## What is needed
From the first line to the last, copy the material word for word; pictures stay out.

## Entries shown
┄┄┄┄┄┄┄┄┄┄┄┄┄┄┄┄┄┄┄┄

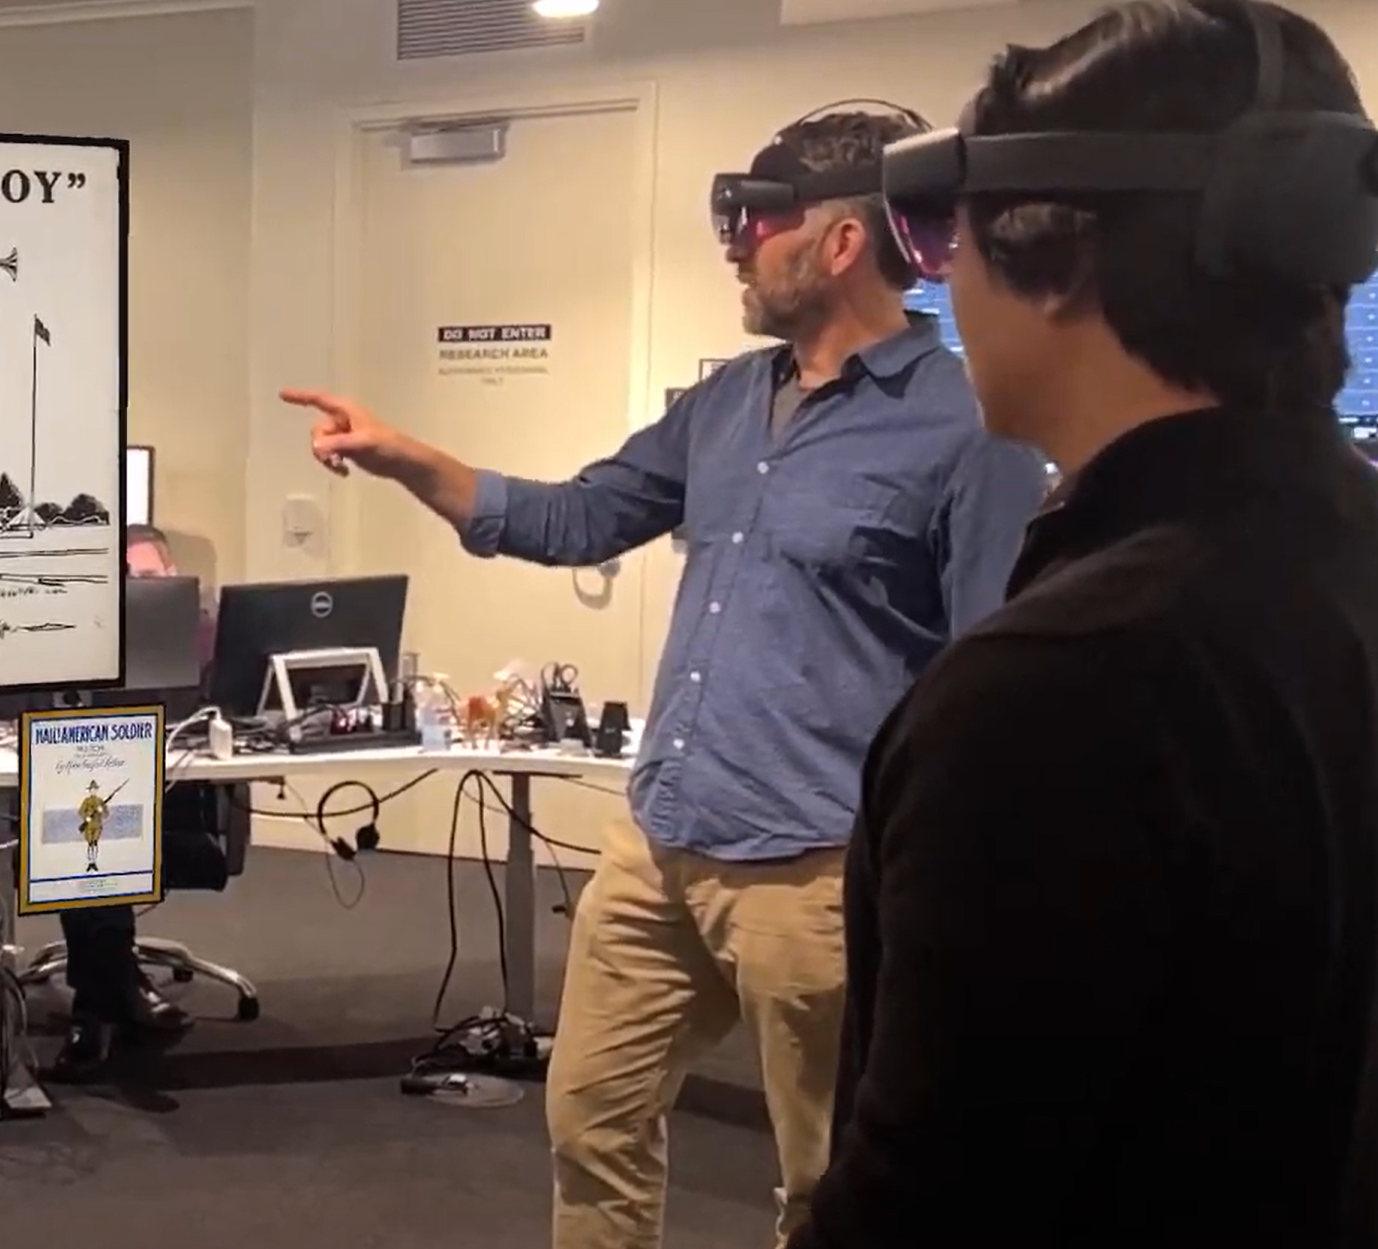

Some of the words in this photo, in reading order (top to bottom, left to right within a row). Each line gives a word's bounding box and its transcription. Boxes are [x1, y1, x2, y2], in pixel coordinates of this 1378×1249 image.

[444, 329, 463, 340] DO
[468, 328, 496, 340] NOT
[501, 326, 547, 339] ENTER
[439, 348, 509, 360] RESEARCH
[512, 347, 549, 359] AREA
[62, 725, 109, 744] AMERICAN
[110, 721, 153, 741] SOLDIER

┄┄┄┄┄┄┄┄┄┄┄┄┄┄┄┄┄┄┄┄

## Exercise result
Some of the words in this photo, in reading order (top to bottom, left to right within a row). Each line gives a word's bounding box and its transcription. Boxes are [x1, y1, x2, y2], in pixel coordinates of this 1378×1249 image.

[444, 329, 463, 340] DO
[468, 328, 496, 340] NOT
[501, 326, 547, 339] ENTER
[439, 348, 509, 360] RESEARCH
[512, 347, 549, 359] AREA
[62, 725, 109, 744] AMERICAN
[110, 721, 153, 741] SOLDIER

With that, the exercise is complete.